TASK REQUIREMENTS: Your answer must be the full listing, reproduced exactly, minus any pictures.

EXERCISE MATERIAL:

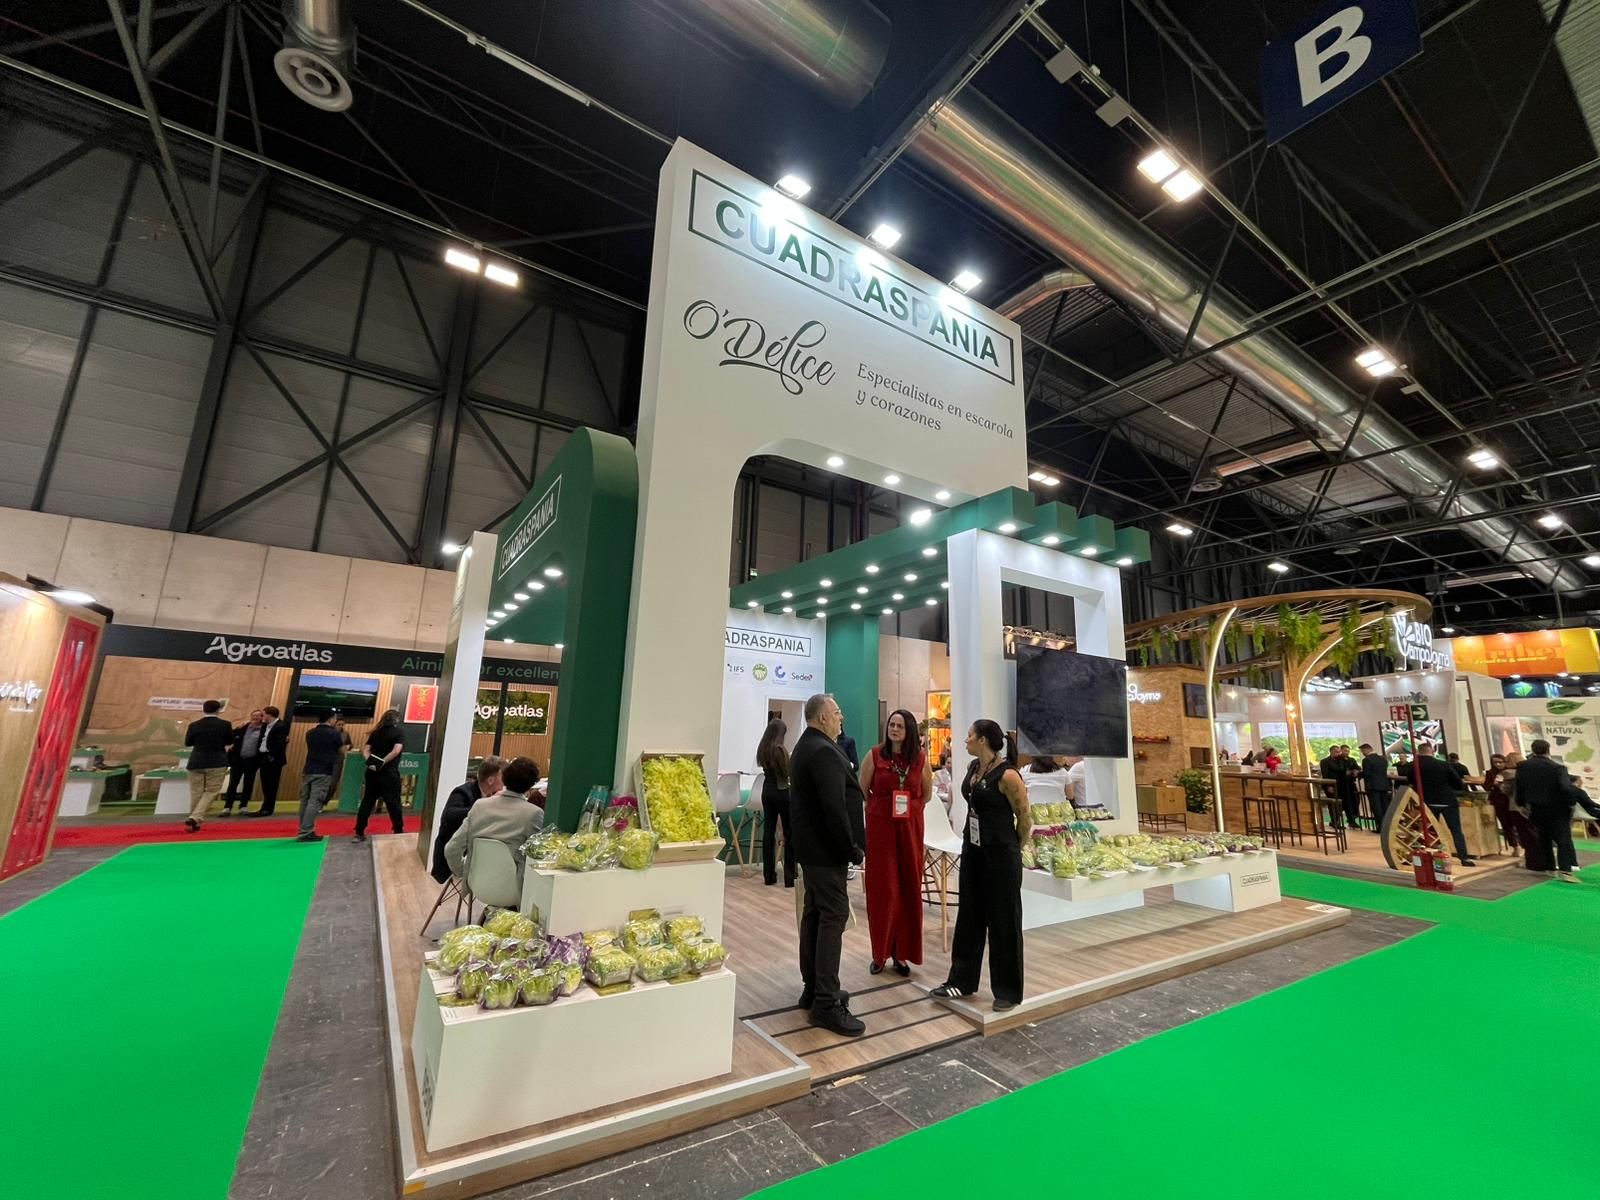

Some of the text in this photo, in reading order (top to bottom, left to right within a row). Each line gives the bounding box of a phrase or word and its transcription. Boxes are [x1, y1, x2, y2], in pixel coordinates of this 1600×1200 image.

[1294, 6, 1372, 107] B
[715, 199, 999, 367] CUADRASPANIA
[684, 300, 835, 395] O'Délice
[855, 389, 942, 431] y corazones
[857, 363, 1013, 439] Especialistas en escarola
[502, 492, 554, 569] CUADRASPANIA
[205, 636, 333, 663] Agroatlas
[725, 631, 804, 653] ADRASPANIA
[1414, 621, 1432, 647] BIO
[401, 656, 442, 672] Aimi
[496, 664, 559, 680] excellen
[1545, 727, 1583, 735] NATURAL
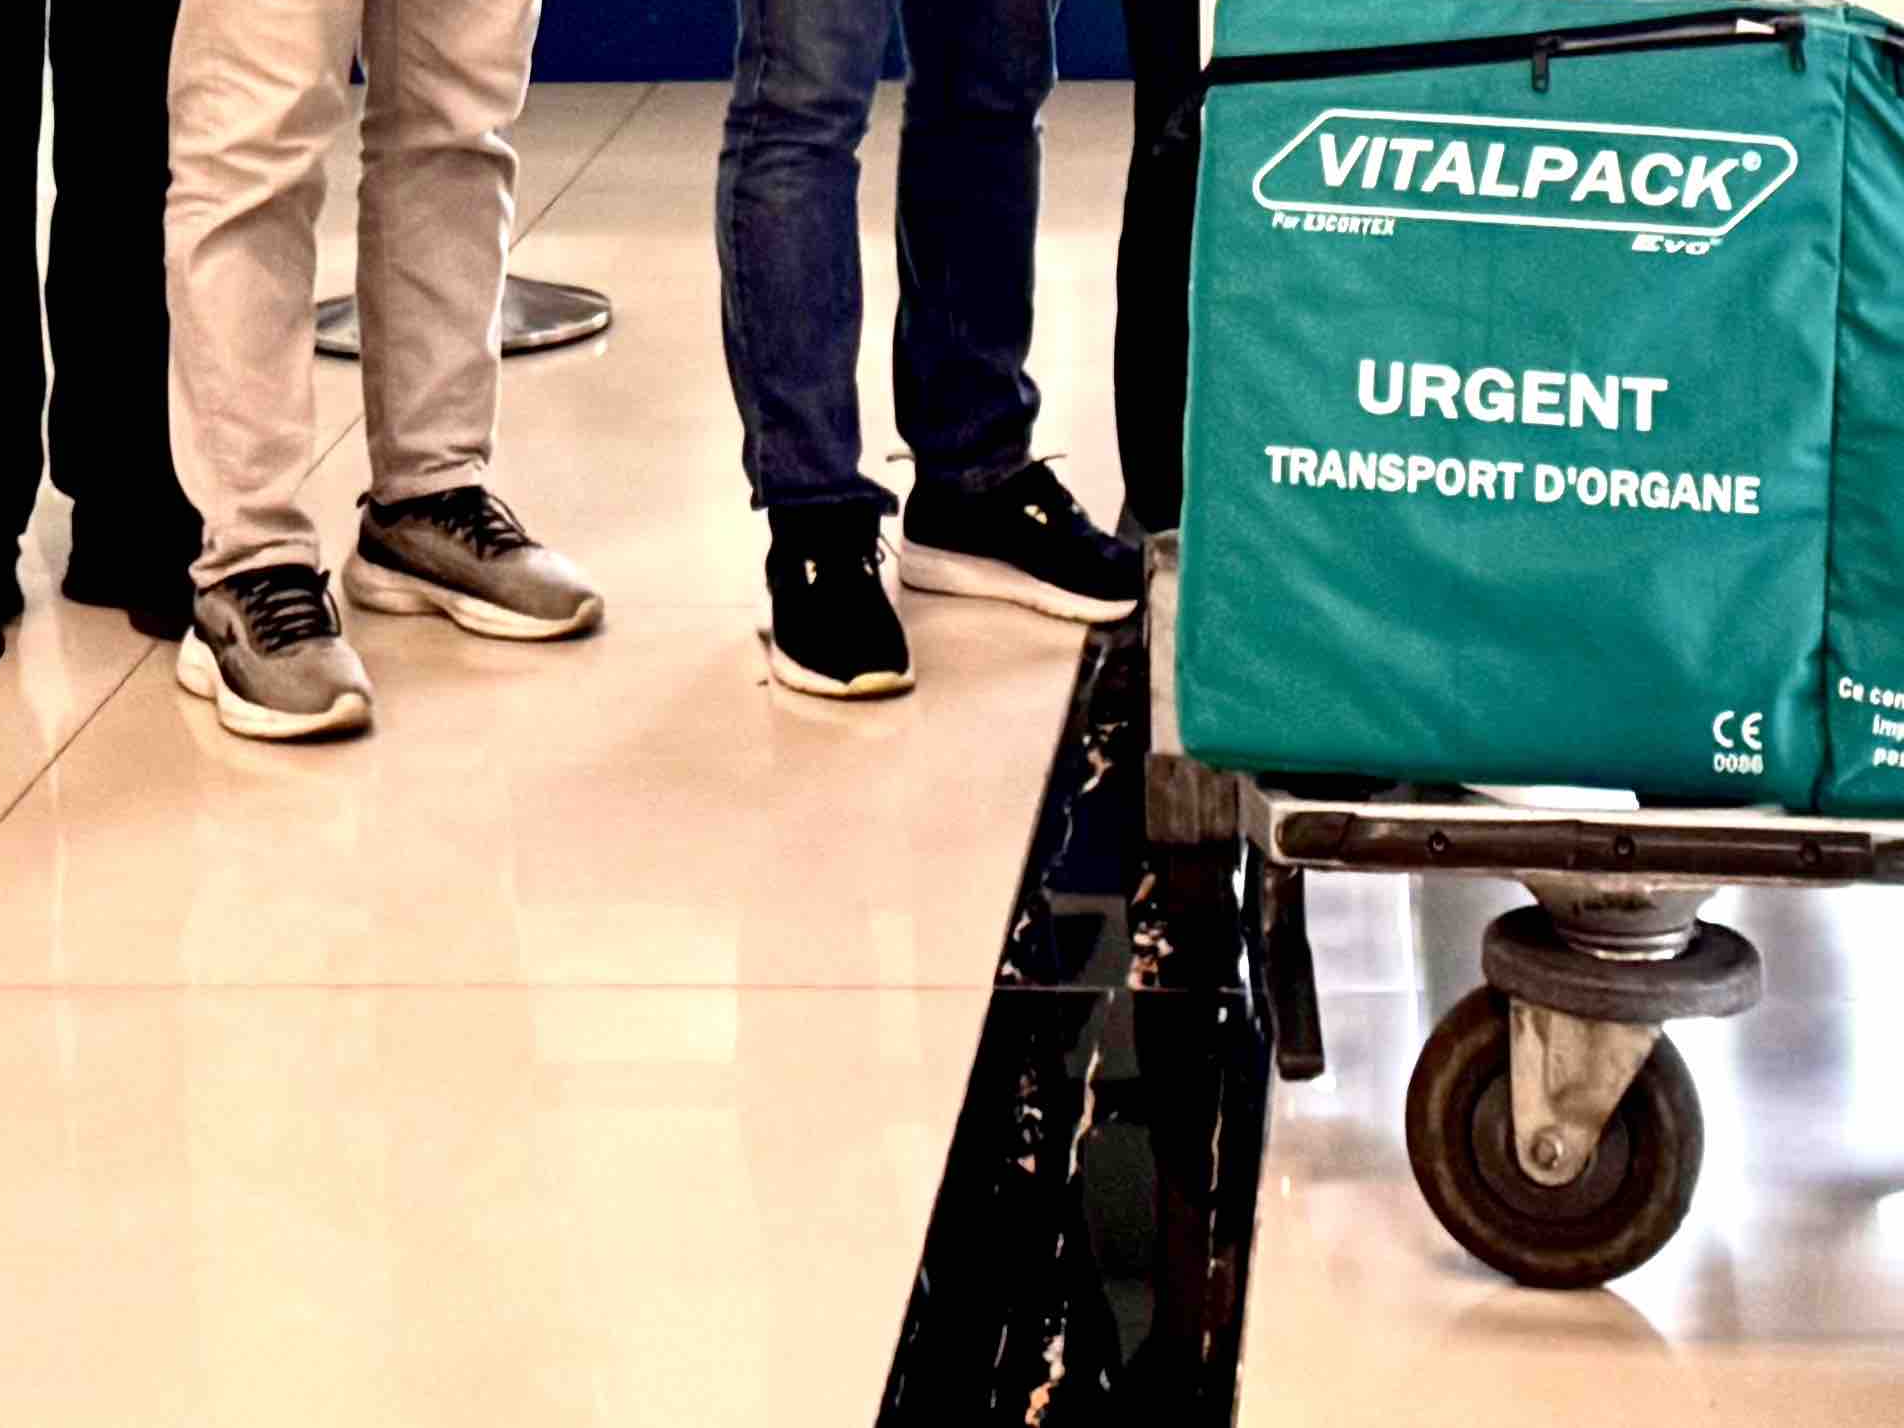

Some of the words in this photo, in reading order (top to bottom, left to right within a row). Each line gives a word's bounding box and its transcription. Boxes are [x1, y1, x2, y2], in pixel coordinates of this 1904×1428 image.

[1357, 358, 1669, 433] URGENT
[1264, 444, 1525, 501] TRANSPORT
[1534, 462, 1761, 516] D'ORGANE
[1838, 676, 1864, 702] Ce
[1712, 710, 1764, 751] CE
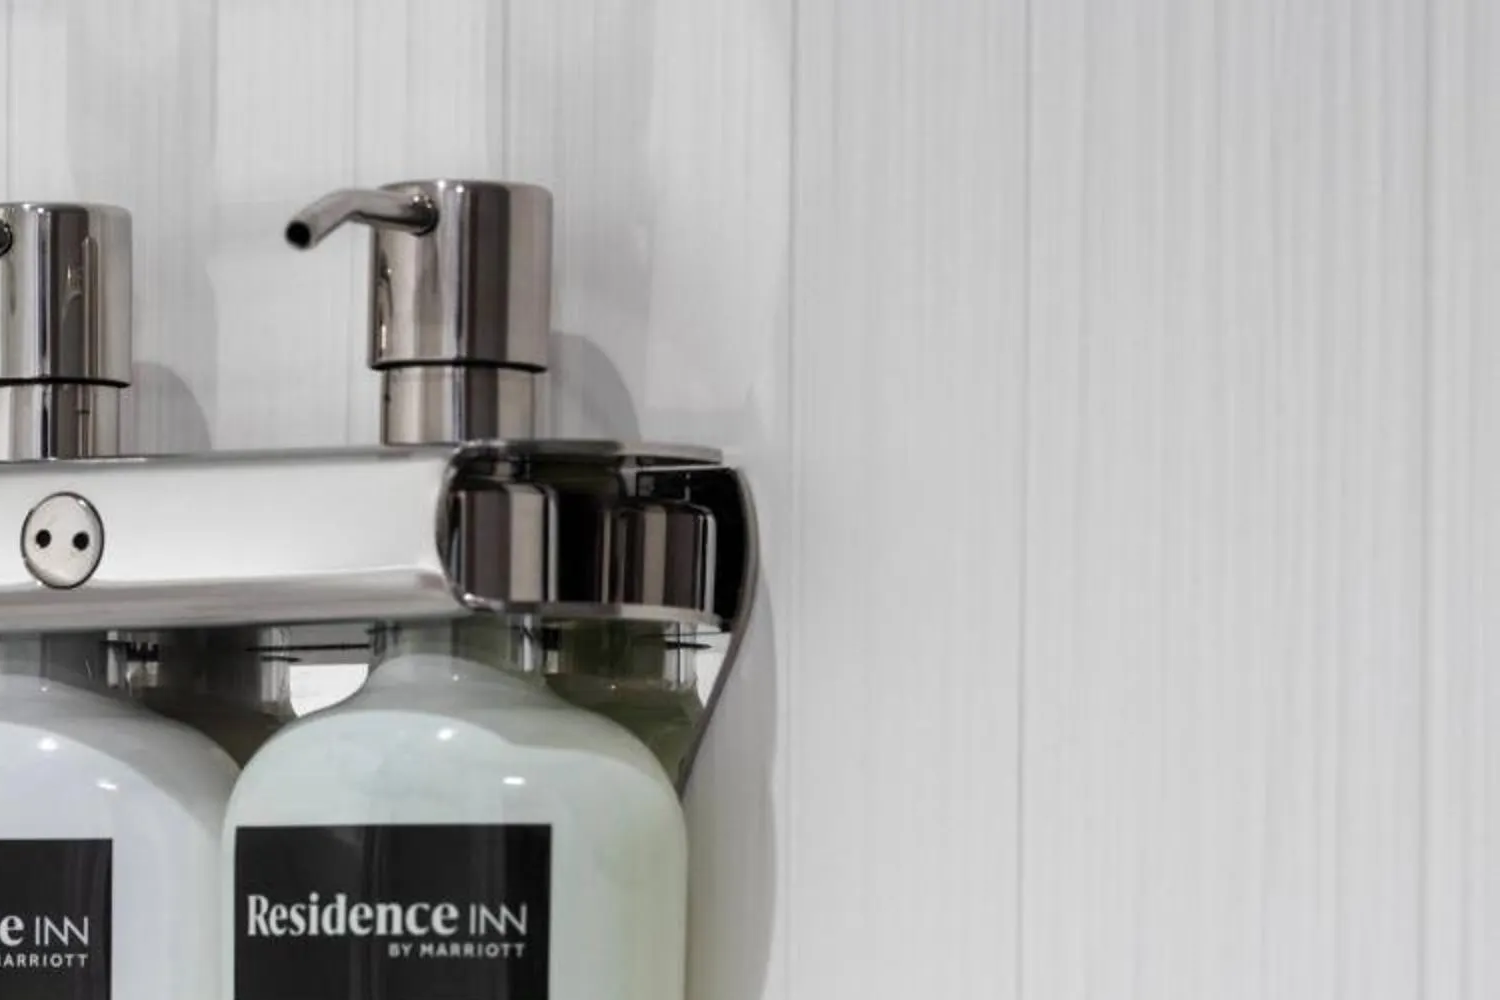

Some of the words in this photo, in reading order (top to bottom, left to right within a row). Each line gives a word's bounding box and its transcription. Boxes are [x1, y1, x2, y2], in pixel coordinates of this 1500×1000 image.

[247, 892, 459, 937] Residence
[469, 903, 527, 935] INN
[35, 915, 90, 946] INN
[388, 943, 411, 957] BY
[420, 943, 525, 957] MARRIOTT
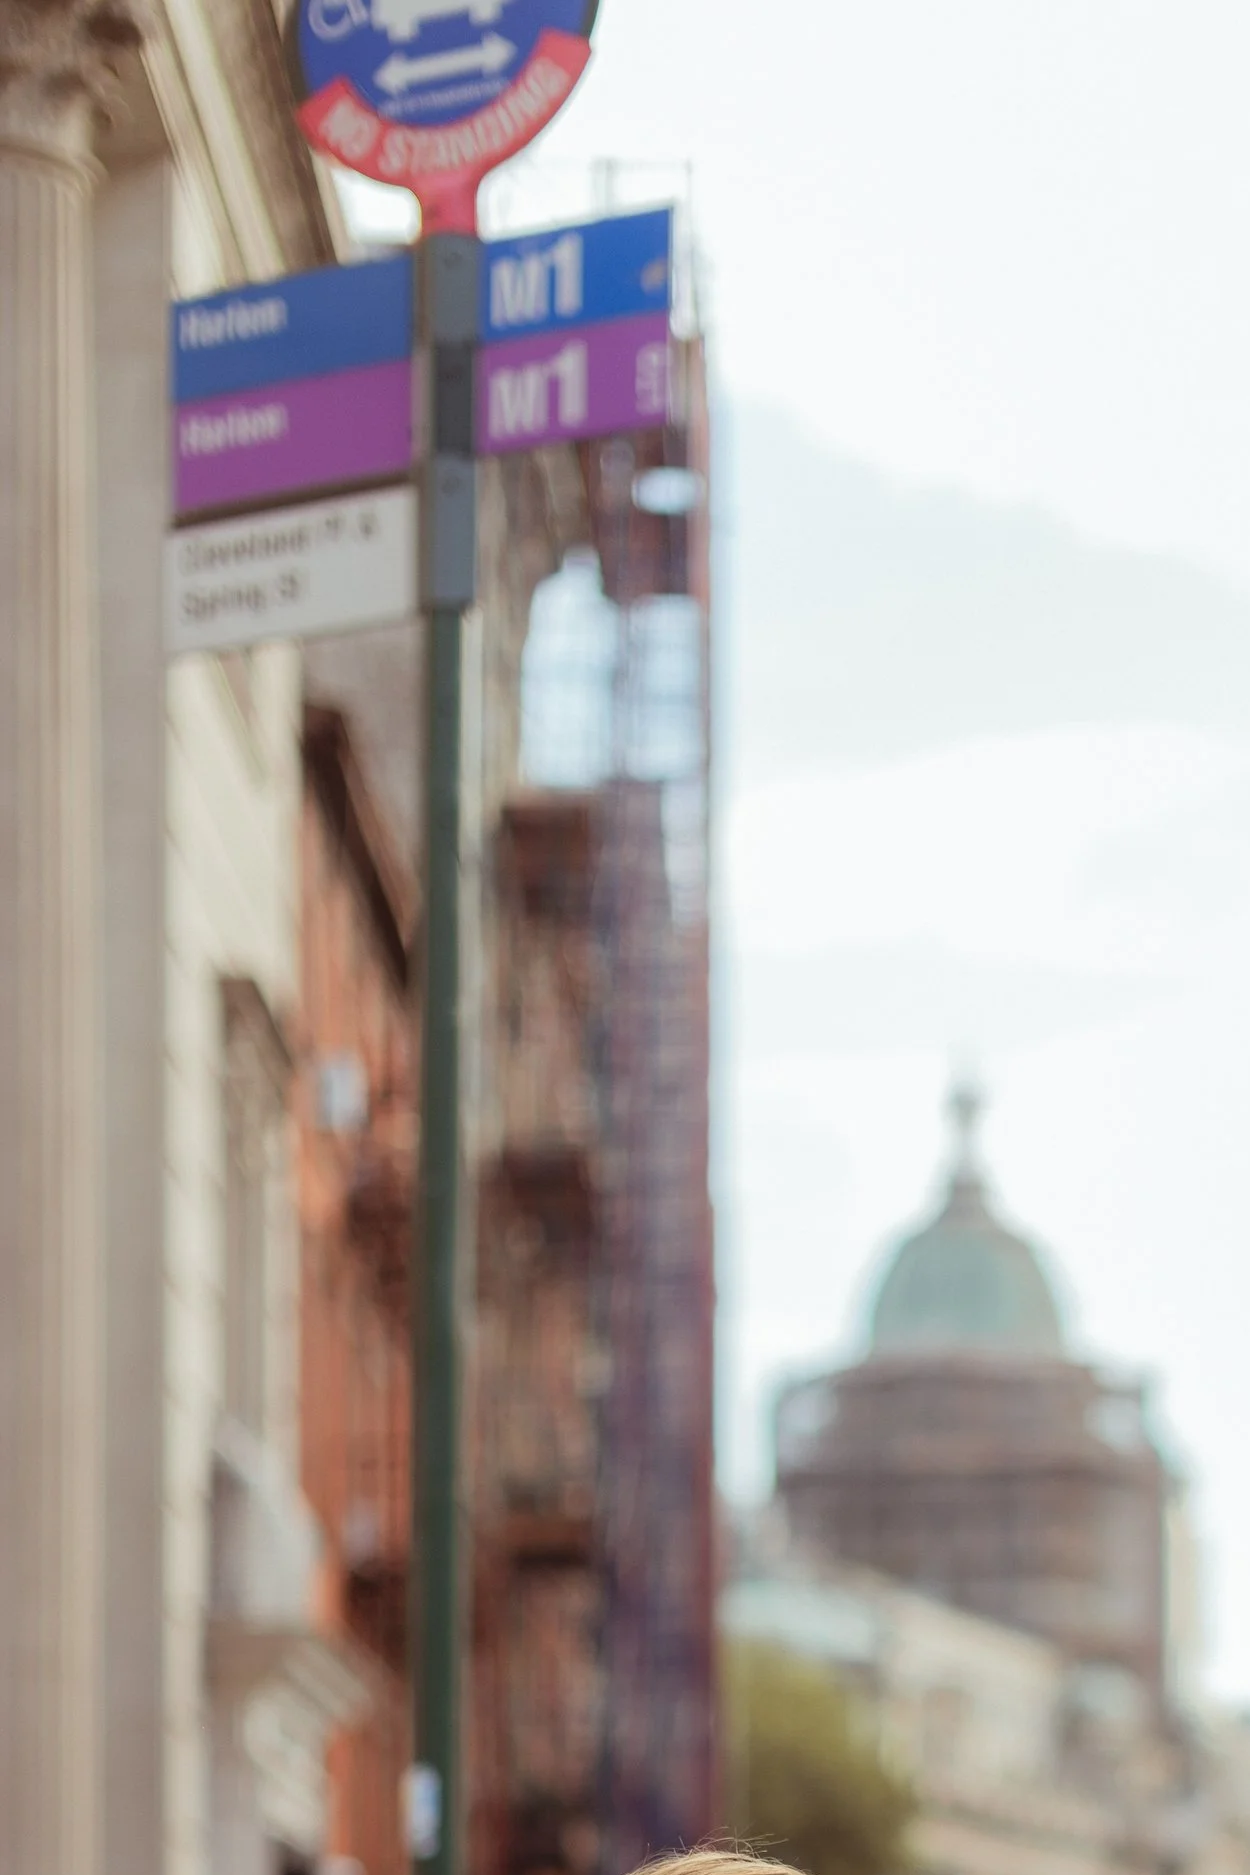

WRITTEN RESPONSE:
Some of the text in this photo, in reading order (top to bottom, left to right within a row). Each line gives the bounding box of a phrase or word and its transcription. Boxes are [x1, y1, x2, y2], in pixel coordinates of this 1600×1200 image.

[1294, 6, 1372, 107] B
[715, 199, 999, 367] CUADRASPANIA
[684, 300, 835, 395] O'Délice
[855, 389, 942, 431] y corazones
[857, 363, 1013, 439] Especialistas en escarola
[502, 492, 554, 569] CUADRASPANIA
[205, 636, 333, 663] Agroatlas
[725, 631, 804, 653] ADRASPANIA
[1414, 621, 1432, 647] BIO
[401, 656, 442, 672] Aimi
[496, 664, 559, 680] excellen
[1545, 727, 1583, 735] NATURAL

Some of the words in this photo, in reading order (top to bottom, left to right within a row). Each line gives a word's bounding box and its transcription. Boxes are [x1, y1, x2, y2], in pixel coordinates of this 1904×1428 image.

[1357, 358, 1669, 433] URGENT
[1264, 444, 1525, 501] TRANSPORT
[1534, 462, 1761, 516] D'ORGANE
[1838, 676, 1864, 702] Ce
[1712, 710, 1764, 751] CE

Some of the words in this photo, in reading order (top to bottom, left to right within a row). Each line gives a word's bounding box and its transcription. Boxes are [x1, y1, x2, y2], in pixel coordinates of this 1500×1000 image.

[247, 892, 459, 937] Residence
[469, 903, 527, 935] INN
[35, 915, 90, 946] INN
[388, 943, 411, 957] BY
[420, 943, 525, 957] MARRIOTT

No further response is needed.